Da redação
Os pré-candidatos à Presidência Ronaldo Caiado (PSD) e Romeu Zema (Novo) manifestaram apoio nesta semana à decisão do governo Trump, nos Estados Unidos, de classificar as facções brasileiras Primeiro Comando da Capital (PCC) e Comando Vermelho (CV) como organizações terroristas. Eles se uniram ao senador Flávio Bolsonaro (PL-RJ), que também defendeu a medida.
Ronaldo Caiado utilizou as redes sociais para comentar o anúncio feito anteontem pelos EUA. Segundo ele, “os EUA classificaram o PCC e o Comando Vermelho como terroristas. Lula os classifica como vítimas. Essa é a diferença entre um governo que protege o povo e um governo que protege o crime”, afirmou o ex-governador de Goiás.
Ainda em declaração, Caiado acrescentou que lamenta não ter assumido a Presidência para tomar essa iniciativa. Ele afirmou: “A única frustração minha é que não cheguei à Presidência da República para que eu tomasse essa iniciativa”. Para Caiado, o presidente Lula está “desmoralizando o País e a população brasileira”.
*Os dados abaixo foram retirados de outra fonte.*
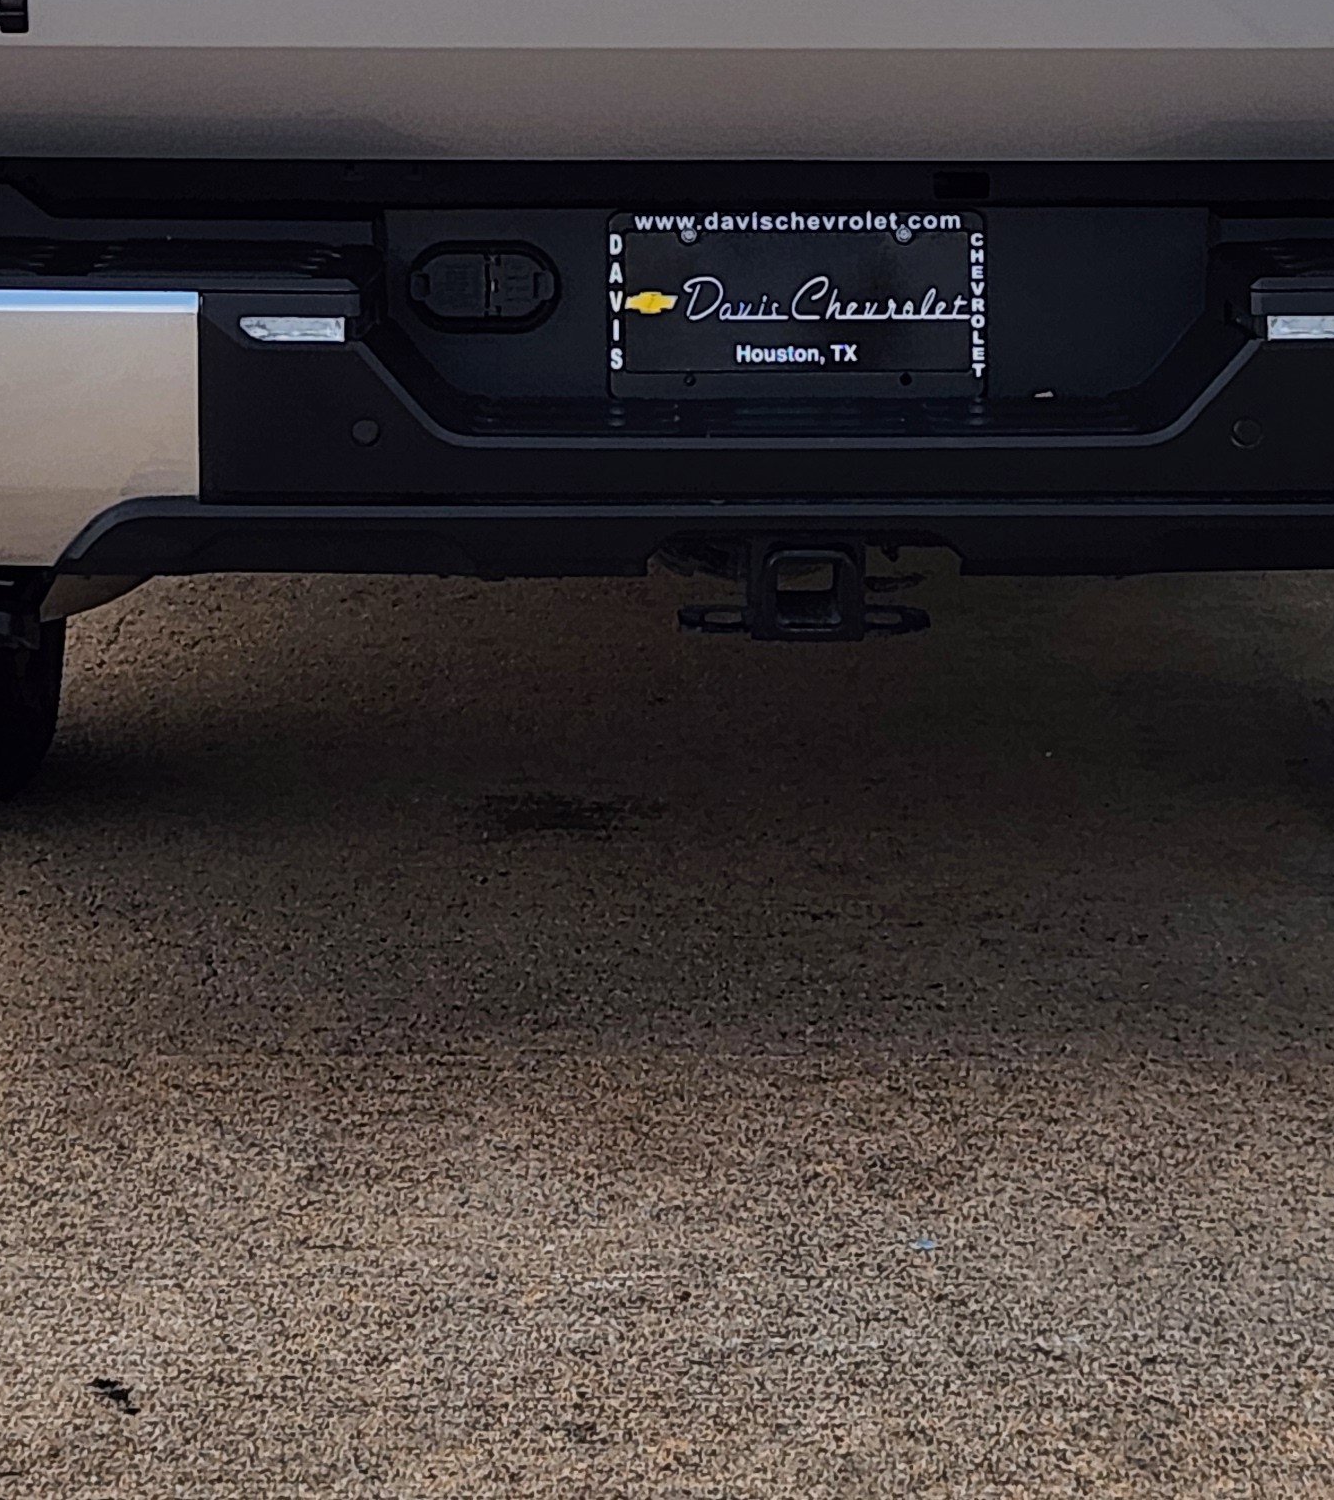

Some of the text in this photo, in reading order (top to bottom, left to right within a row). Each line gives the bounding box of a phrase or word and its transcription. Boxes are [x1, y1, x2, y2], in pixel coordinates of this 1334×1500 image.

[634, 211, 961, 232] www.davischevrolet.com
[609, 234, 623, 370] DAVIS
[683, 276, 789, 321] Davis
[791, 275, 970, 320] Chevrolet
[970, 233, 984, 377] CHEVROLET
[736, 345, 858, 365] Houston, TX
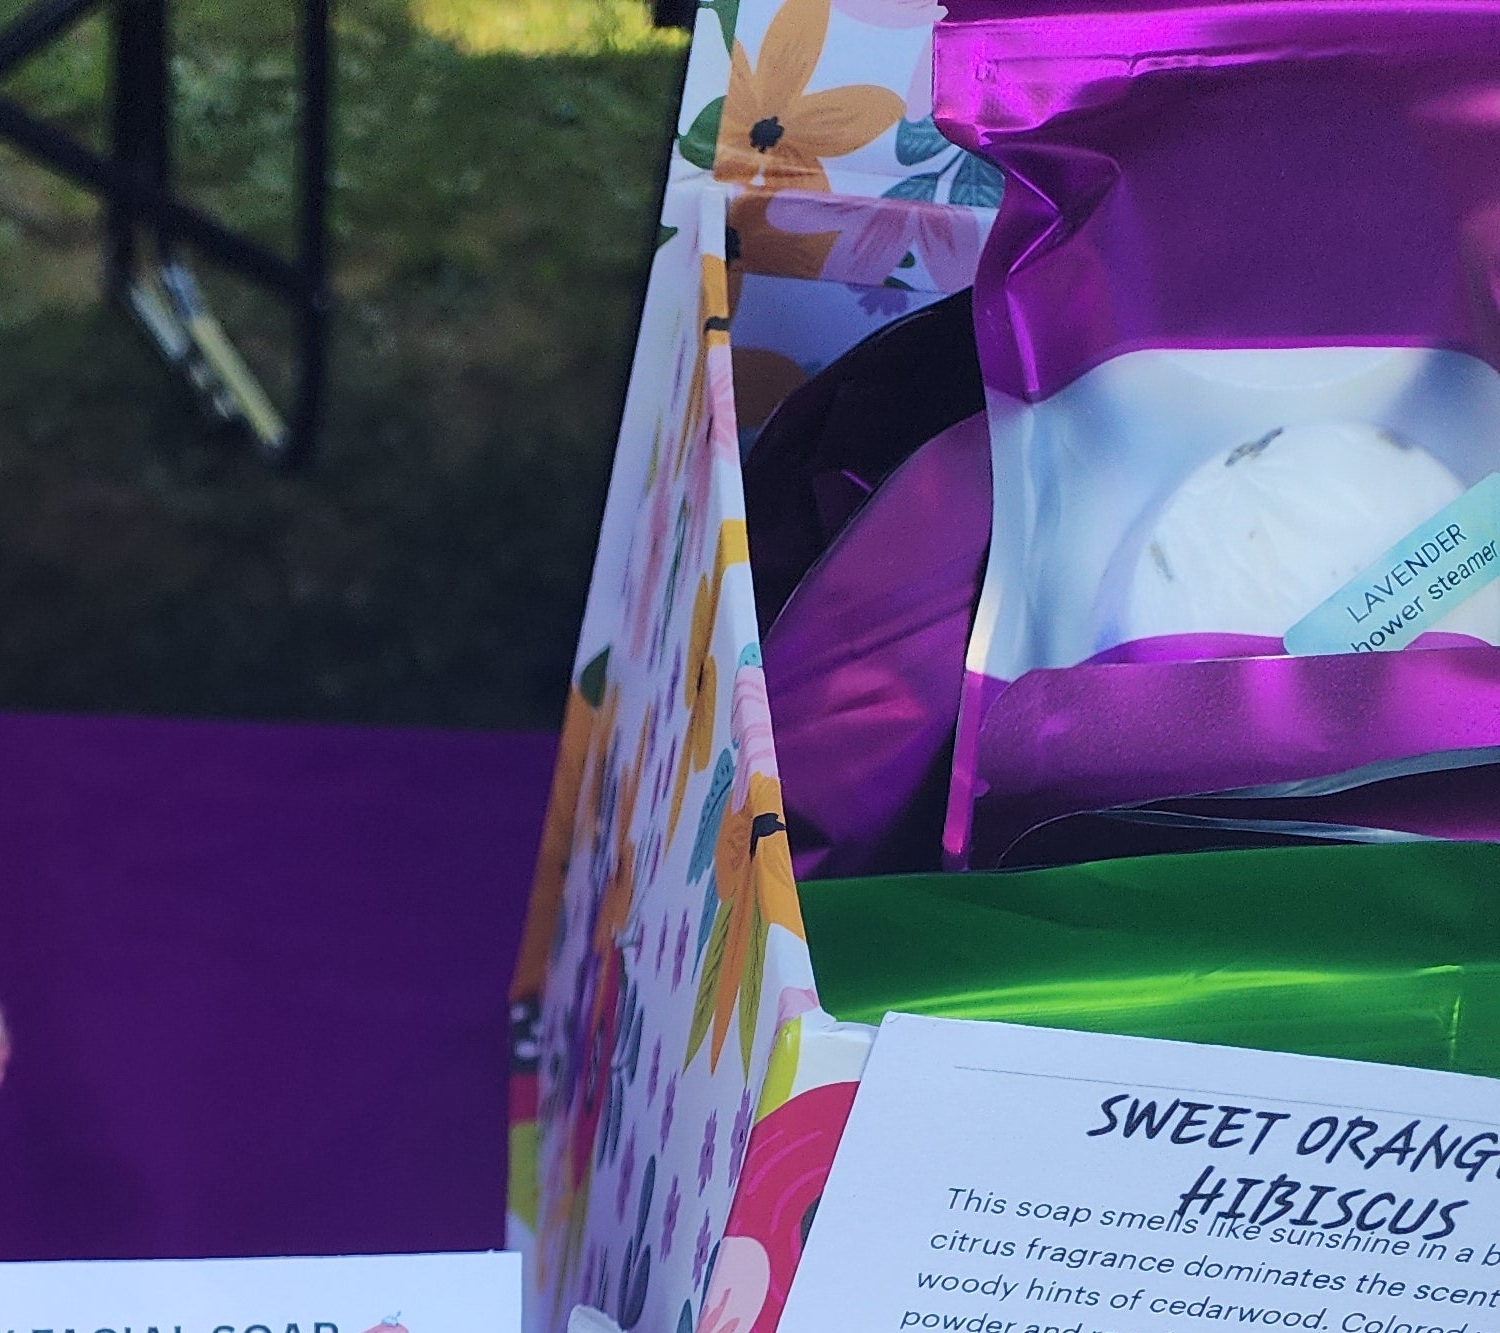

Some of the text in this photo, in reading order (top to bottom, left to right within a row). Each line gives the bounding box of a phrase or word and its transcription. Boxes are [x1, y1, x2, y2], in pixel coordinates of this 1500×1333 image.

Romeu Zema, ex-governador de Minas Gerais, elogiou publicamente Flávio Bolsonaro pela atuação em relação ao tema. “Finalmente PCC e Comando Vermelho são considerados grupos terroristas. Reconheço o trabalho do Flávio por ter feito o que o Lula e o PT tentaram impedir”, afirmou o pré-candidato do Novo, após críticas anteriores ao senador do PL.
Zema ainda contestou argumentos sobre riscos à soberania brasileira, citando que “o PT diz que tratar facção como terrorismo ameaça a soberania do Brasil. Quem ameaça nossa soberania é exatamente o PCC e o Comando Vermelho. Nossa soberania não está ameaçada”, declarou o ex-governador mineiro sobre a decisão dos EUA.
Em contraposição, Renan Santos, pré-candidato do Missão, afirmou em rede social que “americano nenhum vai matar nossos bandidos”, defendendo que essa responsabilidade cabe à polícia brasileira. Ele também chamou a ação de Flávio nos Estados Unidos de “humilhação nacional” e criticou Zema por falta de “amor próprio” em repassar o vídeo sobre o assunto.
A decisão do governo Trump foi celebrada por Flávio Bolsonaro, que agradeceu nominalmente ao ex-presidente norte-americano e ao secretário de Estado dos EUA, Marco Rubio. O senador afirmou: “Muito obrigado, sr. secretário de Estado! O combate aos narcoterroristas precisa ser feito com a união entre os países afetados pela atuação criminosa deles! O povo brasileiro agradece!”.